■ Task prompt
Please retype the data below line for line and leave out every picture.

■ Material shown
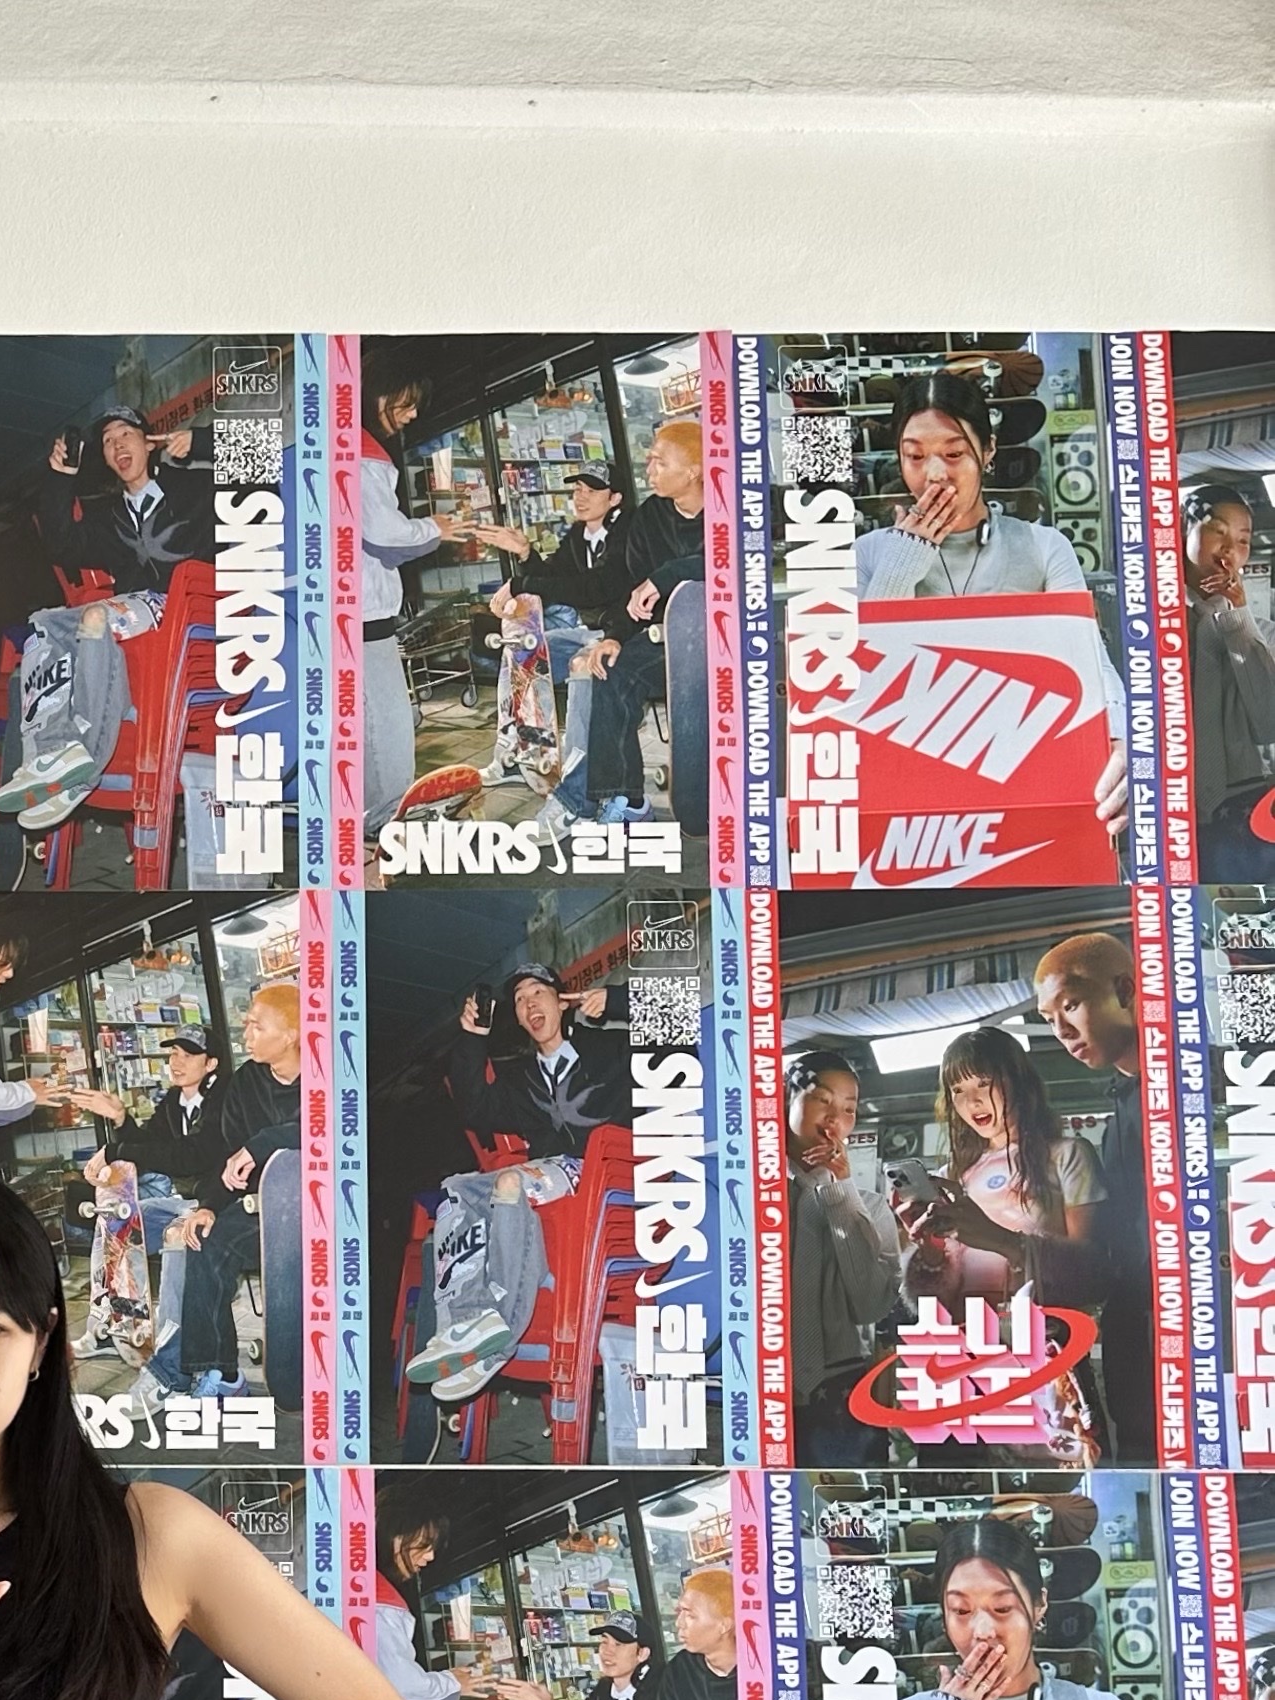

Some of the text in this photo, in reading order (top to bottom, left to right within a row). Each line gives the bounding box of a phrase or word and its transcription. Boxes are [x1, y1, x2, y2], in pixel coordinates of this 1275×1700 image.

[303, 383, 319, 427] SNKRS
[305, 524, 321, 569] SNKRS
[1143, 334, 1189, 858] DOWNLOAD THE APP SNKRS DOWNLOAD THE APP
[214, 489, 289, 875] SNKRS 한국
[306, 668, 322, 715] SNKRS
[784, 488, 861, 876] SNKRS 한국
[307, 818, 323, 865] SNKRS
[379, 820, 681, 876] SNKRS 한국
[874, 813, 1004, 870] NIKE
[1137, 889, 1160, 937] JOIN
[721, 939, 739, 986] SNKRS
[1140, 944, 1164, 996] NOW
[725, 1087, 742, 1135] SNKRS
[750, 894, 786, 1441] DOWNLOAD THE APP SNKRS DOWNLOAD THE APP
[1150, 1118, 1173, 1186] KOREA
[631, 1053, 711, 1450] SNKRS 한국
[729, 1238, 746, 1287] SNKRS
[1155, 1221, 1179, 1269] JOIN
[1159, 1277, 1182, 1330] NOW
[164, 1396, 276, 1450] 한국
[731, 1392, 749, 1441] SNKRS
[741, 1525, 758, 1574] SNKRS
[770, 1475, 795, 1594] DOWNLOAD
[775, 1601, 797, 1638] THE
[777, 1644, 799, 1687] APP
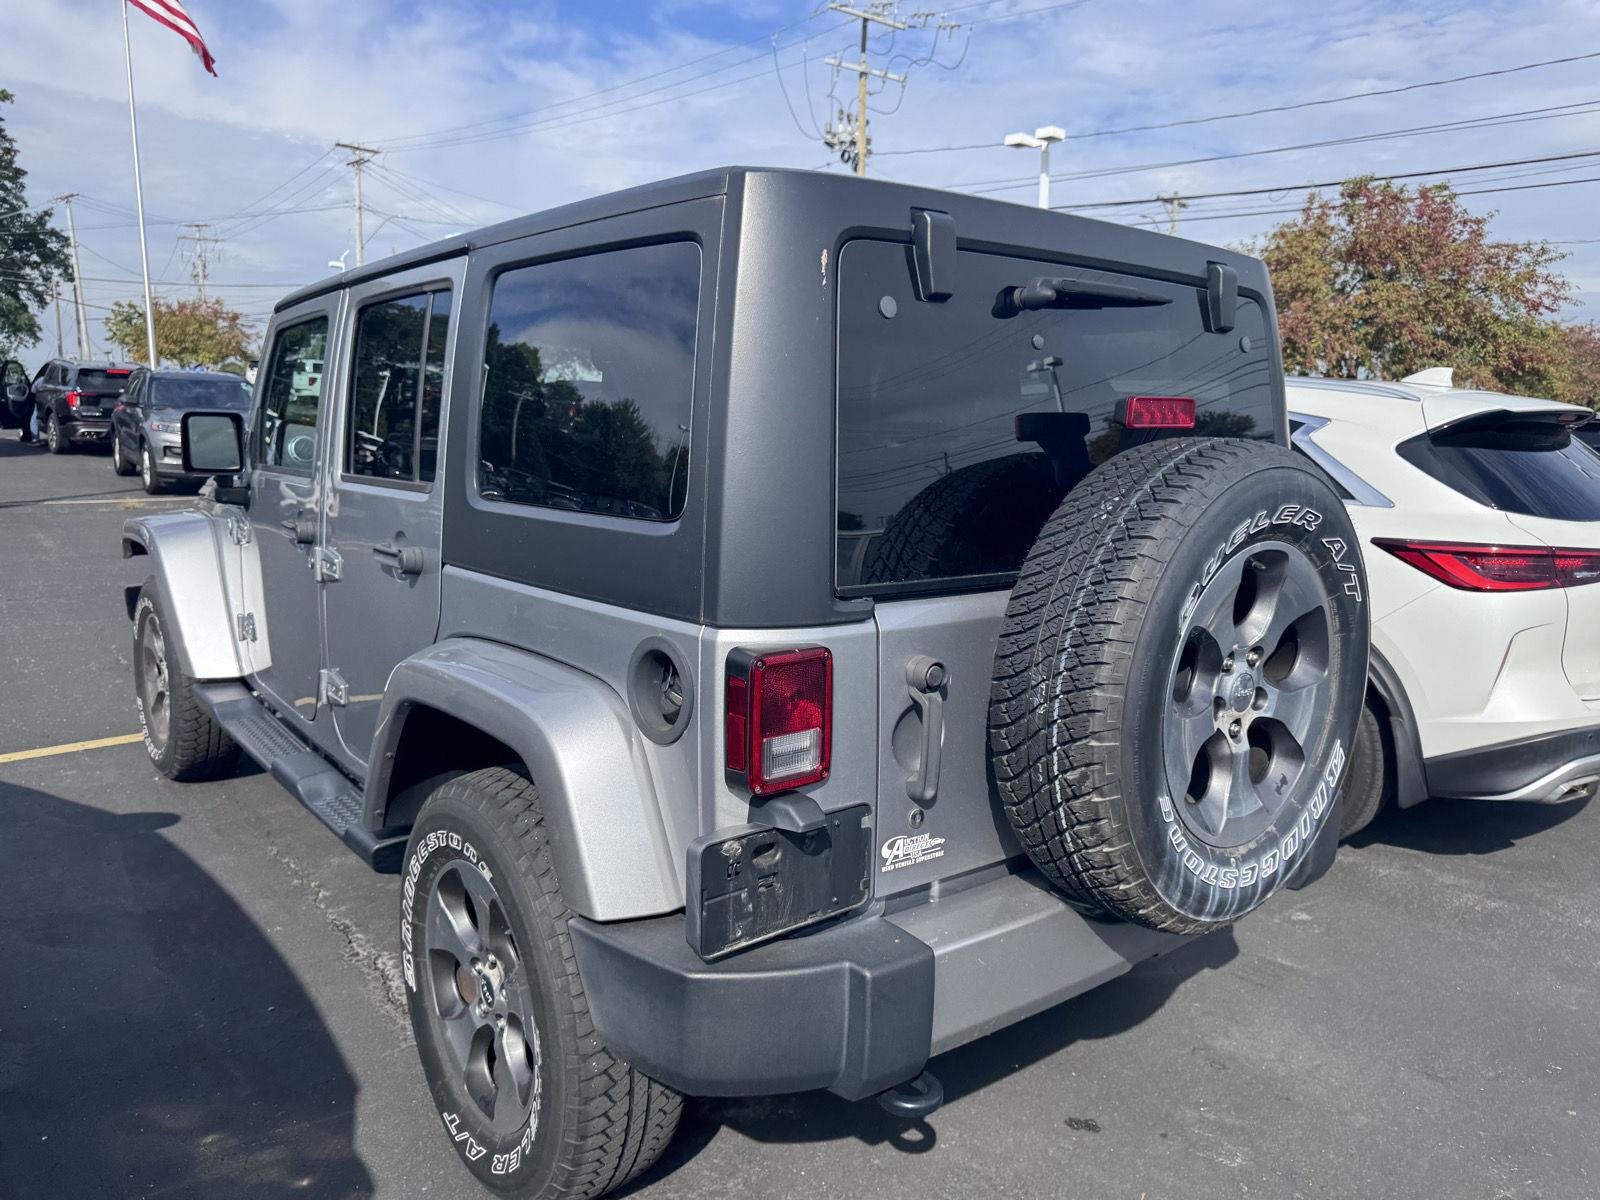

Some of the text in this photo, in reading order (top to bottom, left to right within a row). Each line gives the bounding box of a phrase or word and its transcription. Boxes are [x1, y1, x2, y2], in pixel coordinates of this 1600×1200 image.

[1321, 537, 1362, 602] A/T
[1159, 738, 1346, 889] BRIDGESTONE
[402, 830, 494, 993] BRIDGESTONE
[443, 1112, 487, 1161] A/T

■ Solution to the exercise
Some of the text in this photo, in reading order (top to bottom, left to right within a row). Each line gives the bounding box of a phrase or word and its transcription. Boxes are [x1, y1, x2, y2], in pixel coordinates of this 1275×1700 image.

[303, 383, 319, 427] SNKRS
[305, 524, 321, 569] SNKRS
[1143, 334, 1189, 858] DOWNLOAD THE APP SNKRS DOWNLOAD THE APP
[214, 489, 289, 875] SNKRS 한국
[306, 668, 322, 715] SNKRS
[784, 488, 861, 876] SNKRS 한국
[307, 818, 323, 865] SNKRS
[379, 820, 681, 876] SNKRS 한국
[874, 813, 1004, 870] NIKE
[1137, 889, 1160, 937] JOIN
[721, 939, 739, 986] SNKRS
[1140, 944, 1164, 996] NOW
[725, 1087, 742, 1135] SNKRS
[750, 894, 786, 1441] DOWNLOAD THE APP SNKRS DOWNLOAD THE APP
[1150, 1118, 1173, 1186] KOREA
[631, 1053, 711, 1450] SNKRS 한국
[729, 1238, 746, 1287] SNKRS
[1155, 1221, 1179, 1269] JOIN
[1159, 1277, 1182, 1330] NOW
[164, 1396, 276, 1450] 한국
[731, 1392, 749, 1441] SNKRS
[741, 1525, 758, 1574] SNKRS
[770, 1475, 795, 1594] DOWNLOAD
[775, 1601, 797, 1638] THE
[777, 1644, 799, 1687] APP

Some of the text in this photo, in reading order (top to bottom, left to right within a row). Each line gives the bounding box of a phrase or word and its transcription. Boxes are [x1, y1, x2, y2], in pixel coordinates of this 1600×1200 image.

[1321, 537, 1362, 602] A/T
[1159, 738, 1346, 889] BRIDGESTONE
[402, 830, 494, 993] BRIDGESTONE
[443, 1112, 487, 1161] A/T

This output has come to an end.